Early adolescence (12-13) is filled with drama. Dramatic physical changes of puberty and dramatic mood swings. Young adolescents are egocentric and intensely focused “how do I look?” They have bright minds and great ideas. The difficulty is in balancing guidance and open communication with their increasing need for privacy.

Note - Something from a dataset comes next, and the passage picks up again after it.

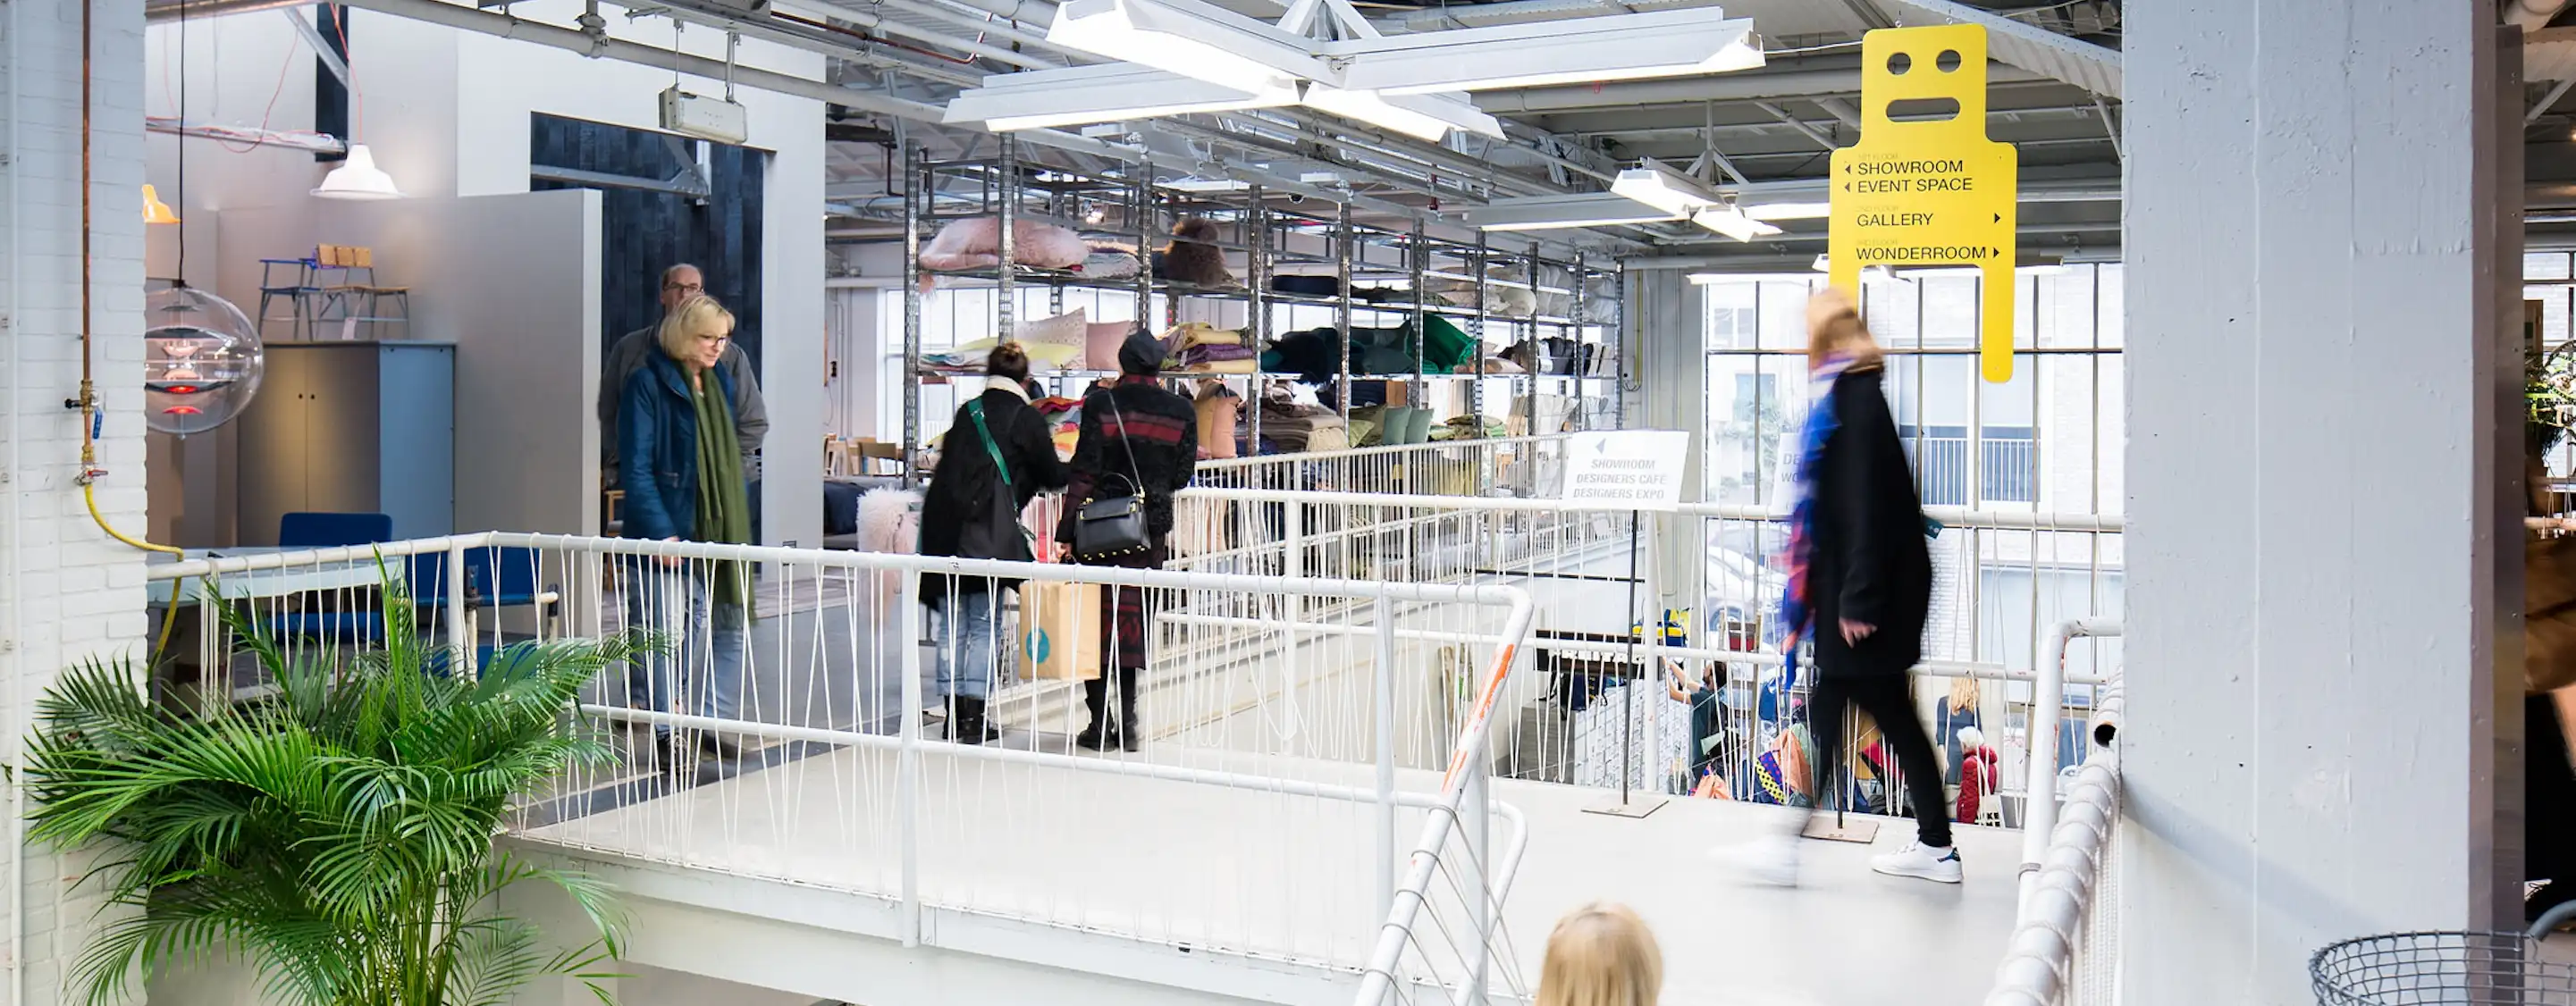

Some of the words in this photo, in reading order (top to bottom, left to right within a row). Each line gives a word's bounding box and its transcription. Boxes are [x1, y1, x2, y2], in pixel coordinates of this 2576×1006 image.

  • Substance Use and Abuse: As a parent, you gotta talk about this. It’s not unreasonable to expect your adolescent should NOT use tobacco, drugs, alcohol, inhalants, diet pills, etc. However, adolescents see through double standards. Don’t tell your adolescent not to smoke if you smoke. Show him or her a good example; stop. Discuss peer pressure. By opening the conversation with “Do your friends do…” rather than “Do you do…” you are more likely to get an honest answer and it can open the door of communication. If your teen is already involved in shenanigans, seek help now. Did you know that 72% of 9th graders have experimented with alcohol and 66% have tried cigarettes (according to a recent CDC national survey)? If you think it’s not a problem, you’re wrong.
  • Car: Wear seat belts when riding in vehicles. Fact: Accidents are the #1 cause of death in this age group.
  • Smoking: Make sure your home and cars are smoke-free zones.
  • Guns: Need to be unloaded and locked in safes. Disturbing fact: More children are killed from guns every year than intruders.
  • Helmets: Kids should wear a helmet on anything a kid can ride (e.g., bicycles, scooters, ATVs).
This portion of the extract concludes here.